* **TRY IT**: Without any pictures, retype exactly the lines from the one with "this 1280×960 image." through the final line of the records.

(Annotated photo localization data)
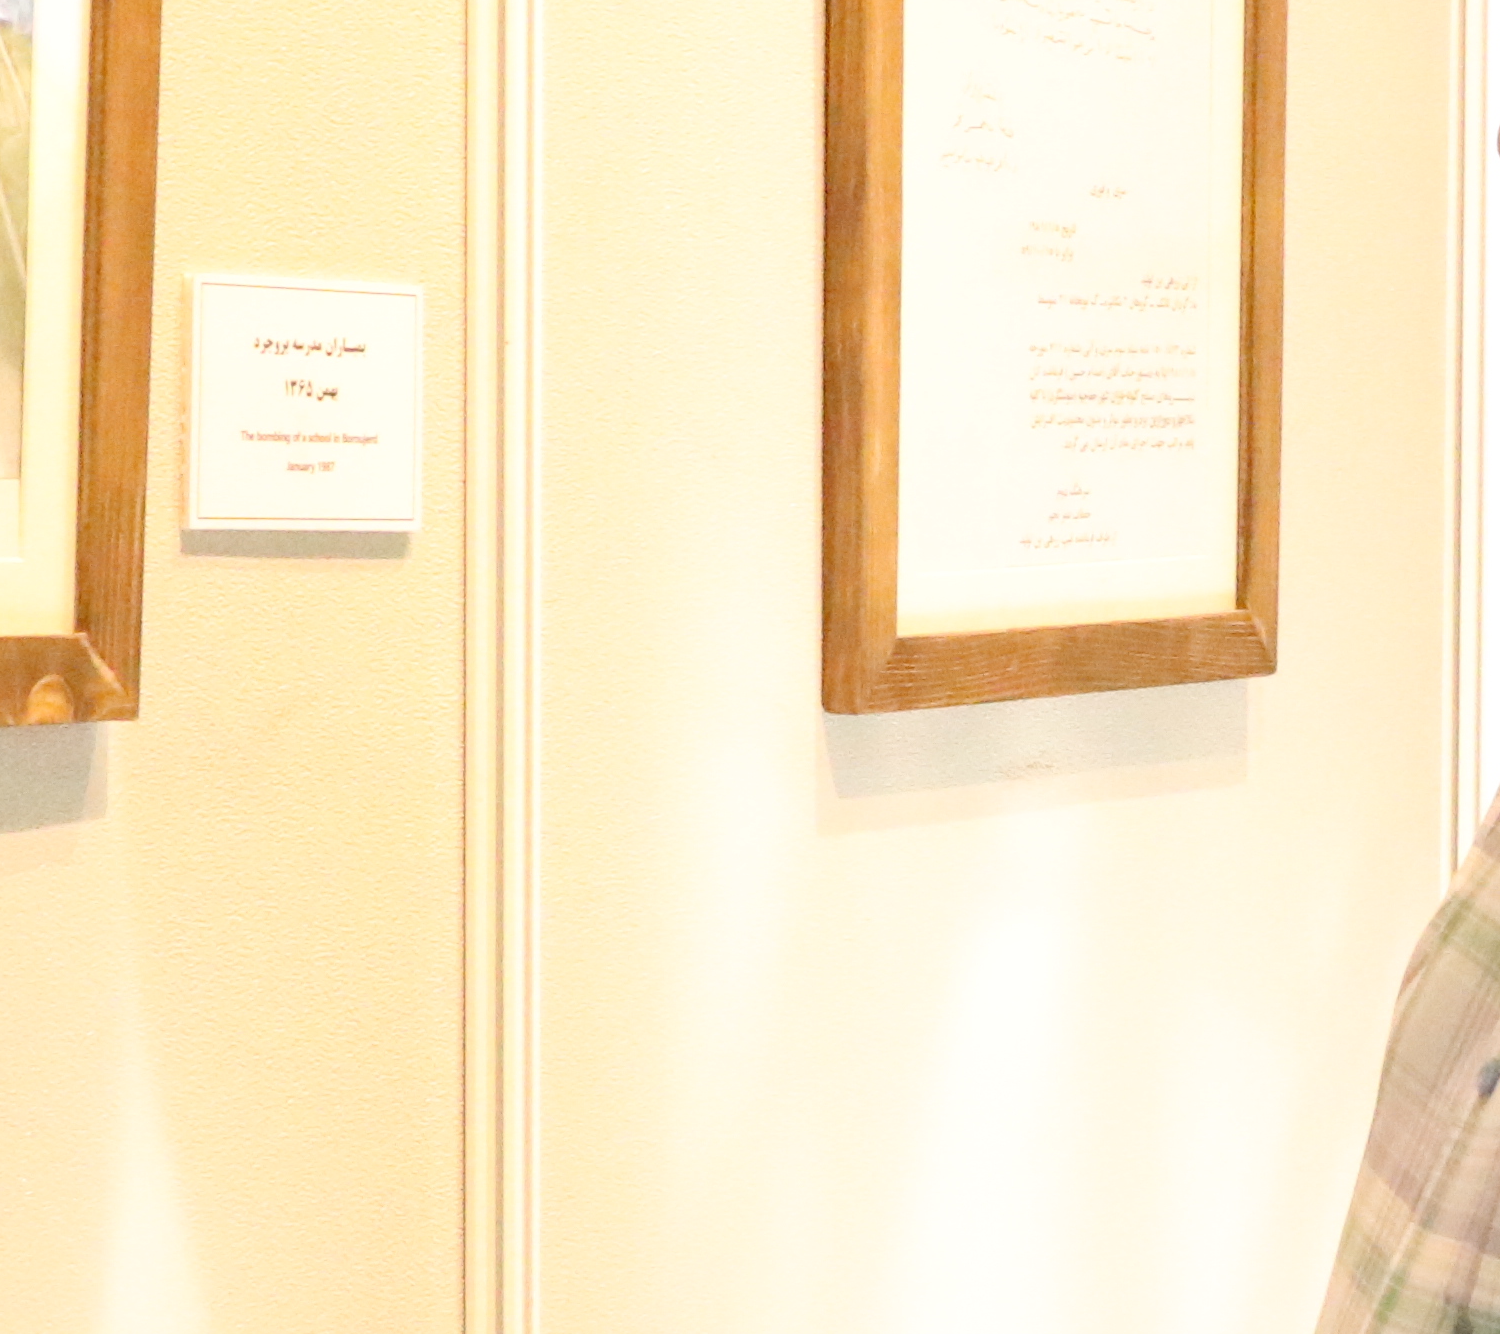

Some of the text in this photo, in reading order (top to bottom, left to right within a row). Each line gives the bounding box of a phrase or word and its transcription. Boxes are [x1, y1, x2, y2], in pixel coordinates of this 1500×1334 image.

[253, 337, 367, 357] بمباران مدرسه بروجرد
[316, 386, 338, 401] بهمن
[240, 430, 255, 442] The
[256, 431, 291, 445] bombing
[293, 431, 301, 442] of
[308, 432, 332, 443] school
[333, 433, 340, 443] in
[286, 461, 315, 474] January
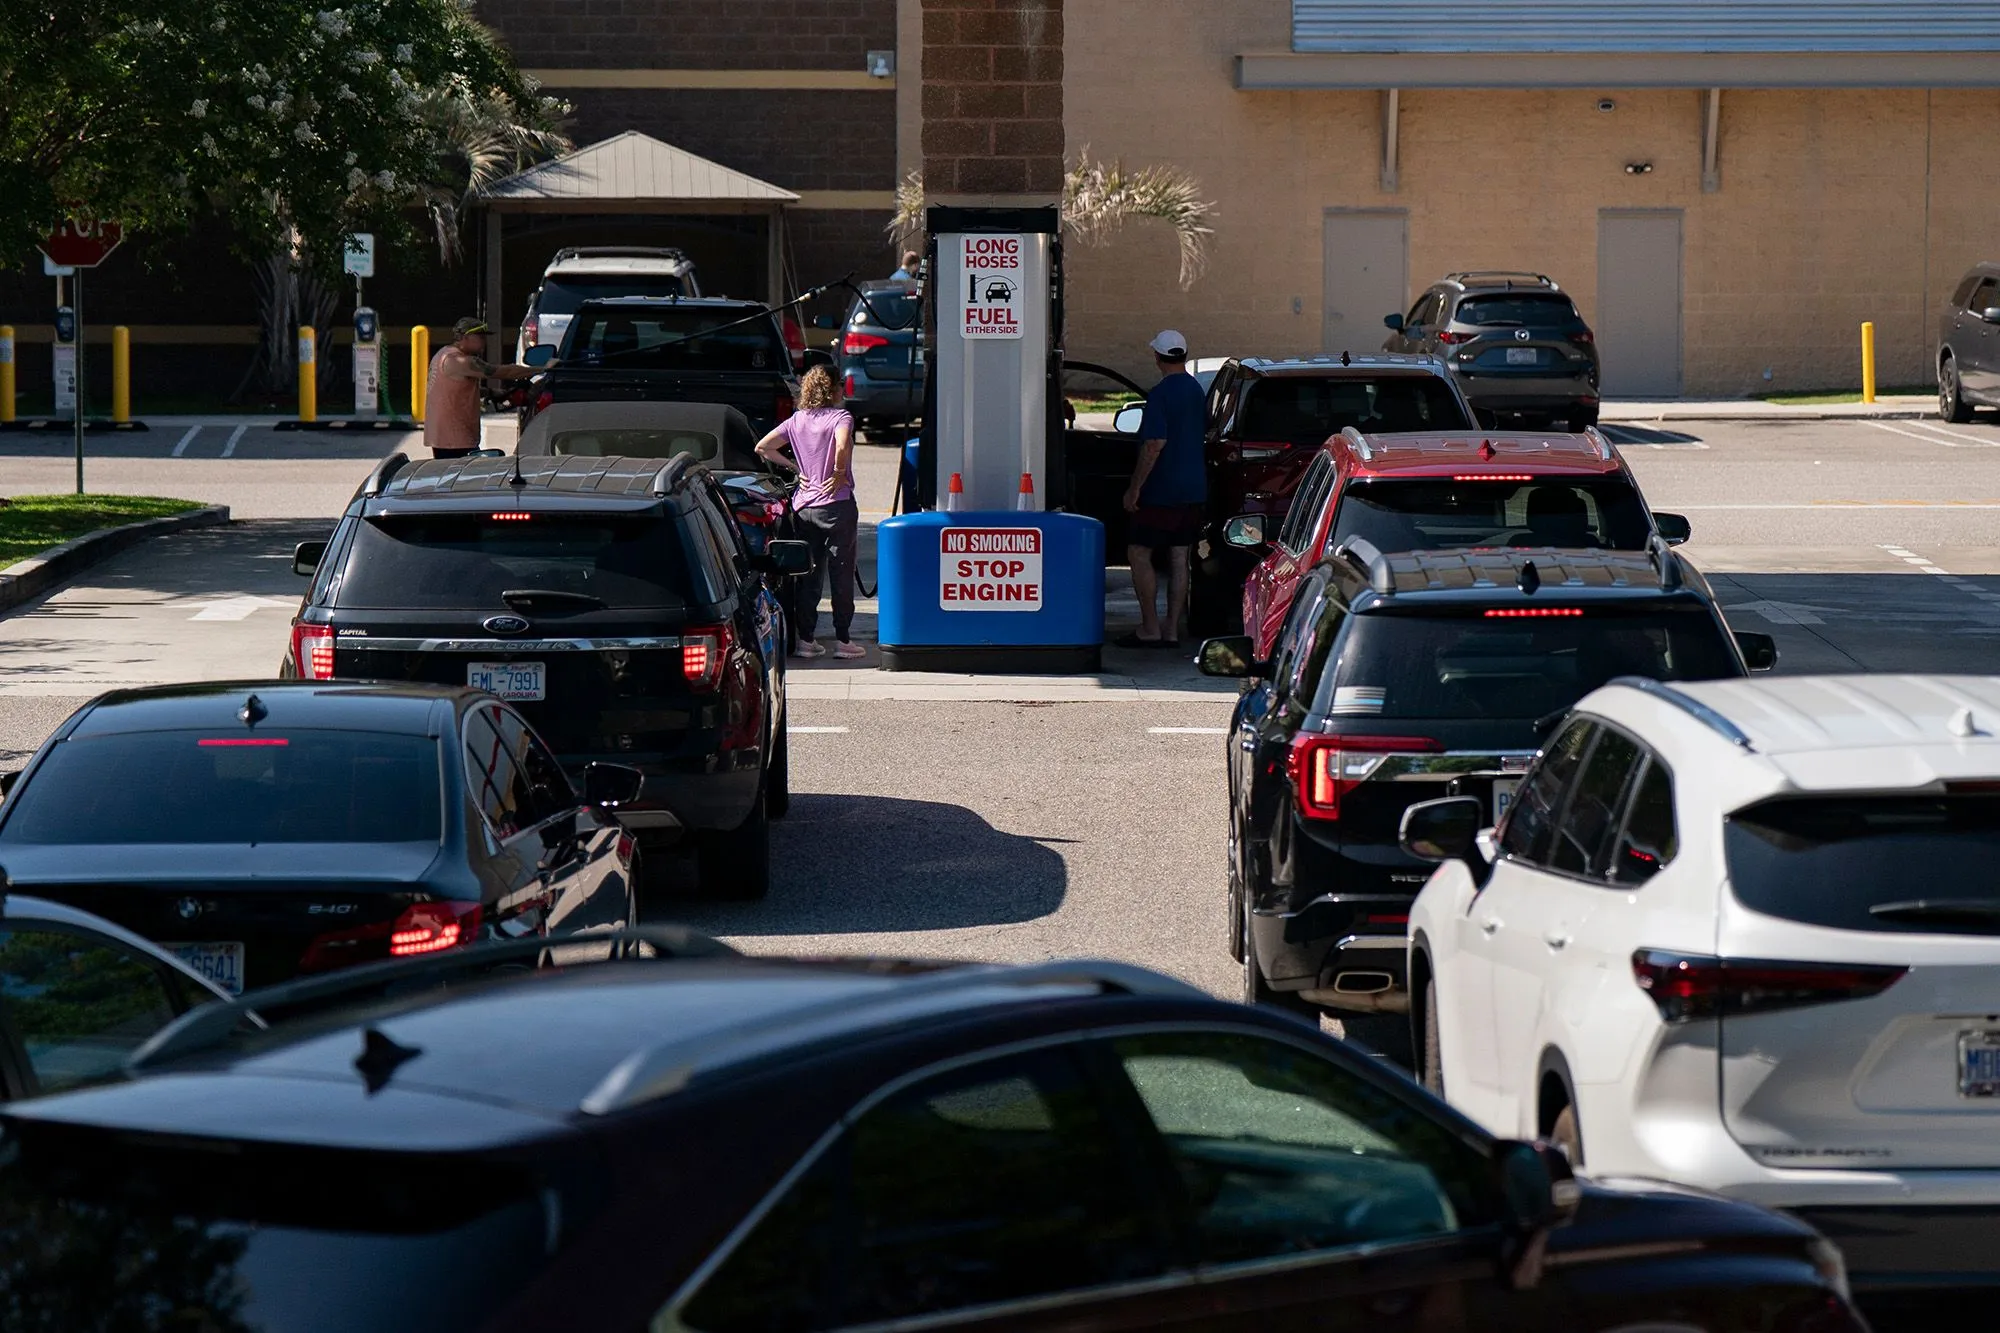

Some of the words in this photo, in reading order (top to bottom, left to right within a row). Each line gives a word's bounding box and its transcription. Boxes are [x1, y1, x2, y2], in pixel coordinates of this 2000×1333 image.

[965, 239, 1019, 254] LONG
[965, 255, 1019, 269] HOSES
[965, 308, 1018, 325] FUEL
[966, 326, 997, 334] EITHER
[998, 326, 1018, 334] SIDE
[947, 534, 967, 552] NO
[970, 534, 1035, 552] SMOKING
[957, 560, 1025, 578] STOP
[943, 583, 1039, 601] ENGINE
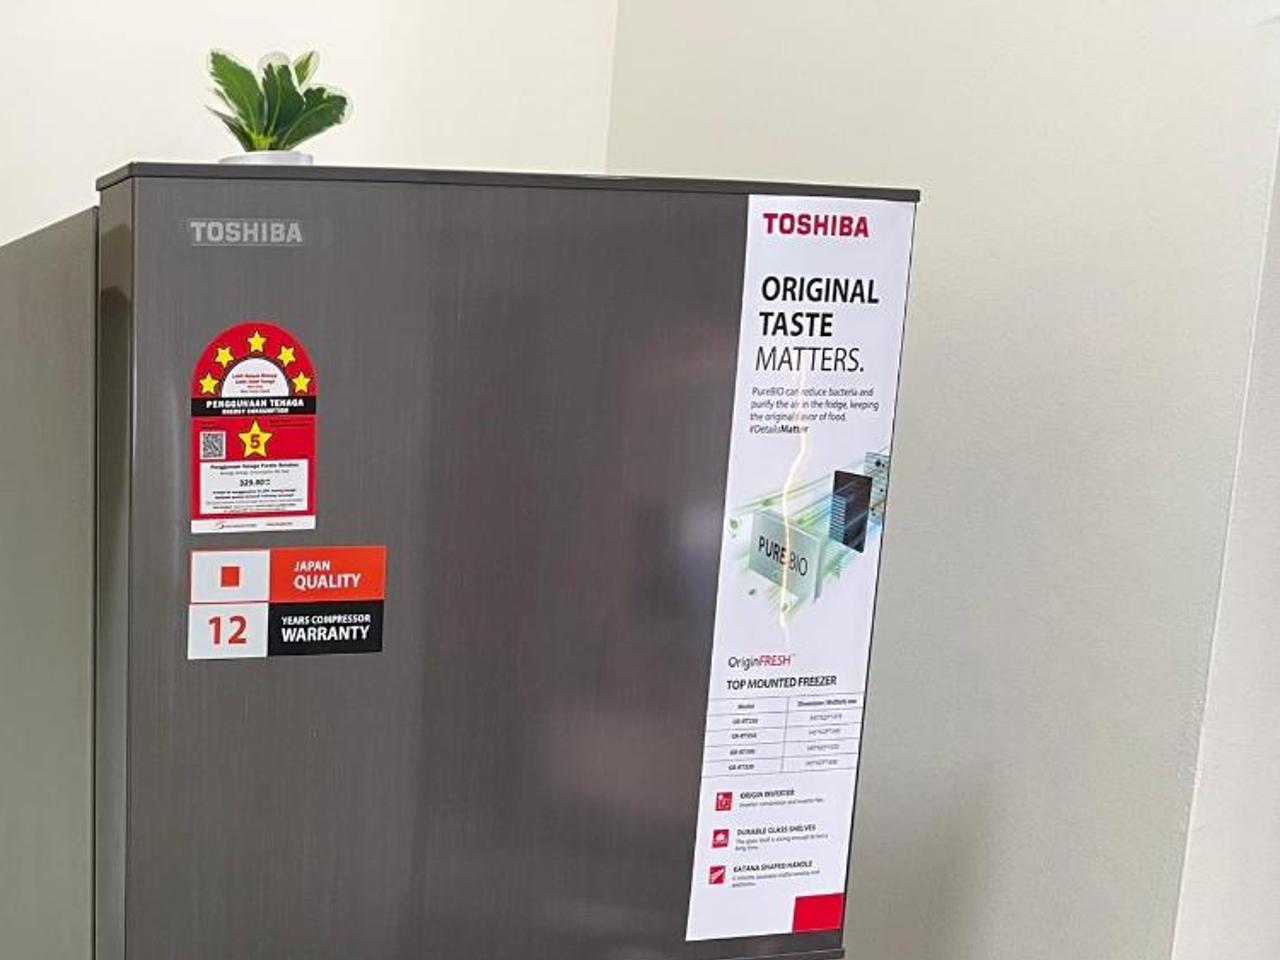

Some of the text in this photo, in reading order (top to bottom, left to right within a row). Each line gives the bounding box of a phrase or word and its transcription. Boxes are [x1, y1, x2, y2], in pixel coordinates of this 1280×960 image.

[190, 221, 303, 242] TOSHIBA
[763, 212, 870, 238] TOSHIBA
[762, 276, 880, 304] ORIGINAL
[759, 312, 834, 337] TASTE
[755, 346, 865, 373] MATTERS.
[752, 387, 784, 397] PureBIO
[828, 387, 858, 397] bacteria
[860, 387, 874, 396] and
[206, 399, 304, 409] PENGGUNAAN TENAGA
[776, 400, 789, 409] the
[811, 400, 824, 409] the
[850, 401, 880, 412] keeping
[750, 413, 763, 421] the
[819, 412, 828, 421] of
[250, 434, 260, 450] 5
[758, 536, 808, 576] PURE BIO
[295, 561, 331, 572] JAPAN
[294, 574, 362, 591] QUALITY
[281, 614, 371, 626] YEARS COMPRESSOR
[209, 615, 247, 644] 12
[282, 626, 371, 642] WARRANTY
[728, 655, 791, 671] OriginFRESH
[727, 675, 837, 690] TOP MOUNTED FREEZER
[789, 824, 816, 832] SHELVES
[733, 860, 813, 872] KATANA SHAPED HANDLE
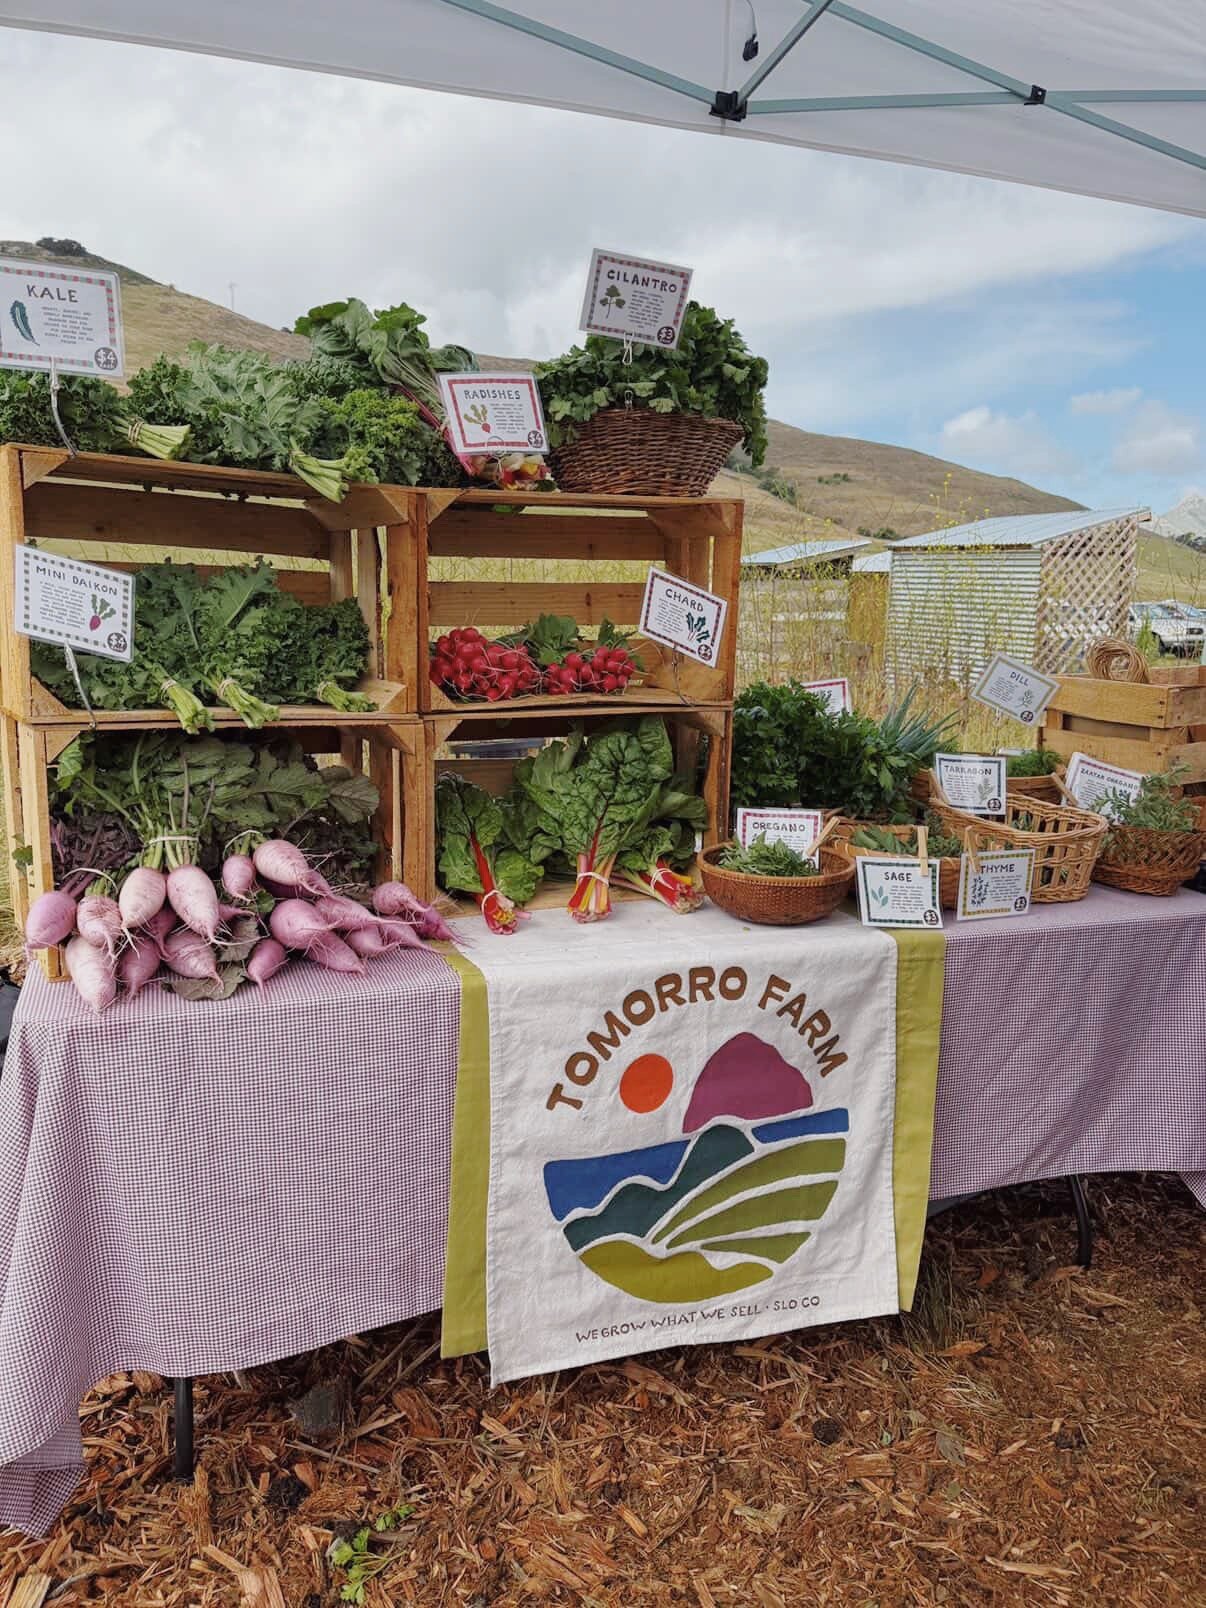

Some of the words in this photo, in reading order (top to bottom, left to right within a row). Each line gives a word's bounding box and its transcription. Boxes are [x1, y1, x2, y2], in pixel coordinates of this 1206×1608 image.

* **RESULT OF THIS TASK**:
Some of the text in this photo, in reading order (top to bottom, left to right within a row). Each line gives the bounding box of a phrase or word and its transcription. Boxes are [x1, y1, x2, y2], in pixel coordinates of this 1280×960 image.

[190, 221, 303, 242] TOSHIBA
[763, 212, 870, 238] TOSHIBA
[762, 276, 880, 304] ORIGINAL
[759, 312, 834, 337] TASTE
[755, 346, 865, 373] MATTERS.
[752, 387, 784, 397] PureBIO
[828, 387, 858, 397] bacteria
[860, 387, 874, 396] and
[206, 399, 304, 409] PENGGUNAAN TENAGA
[776, 400, 789, 409] the
[811, 400, 824, 409] the
[850, 401, 880, 412] keeping
[750, 413, 763, 421] the
[819, 412, 828, 421] of
[250, 434, 260, 450] 5
[758, 536, 808, 576] PURE BIO
[295, 561, 331, 572] JAPAN
[294, 574, 362, 591] QUALITY
[281, 614, 371, 626] YEARS COMPRESSOR
[209, 615, 247, 644] 12
[282, 626, 371, 642] WARRANTY
[728, 655, 791, 671] OriginFRESH
[727, 675, 837, 690] TOP MOUNTED FREEZER
[789, 824, 816, 832] SHELVES
[733, 860, 813, 872] KATANA SHAPED HANDLE

Some of the words in this photo, in reading order (top to bottom, left to right within a row). Each line gives a word's bounding box and its transcription. Boxes are [x1, y1, x2, y2], in pixel coordinates of this 1206×1608 image.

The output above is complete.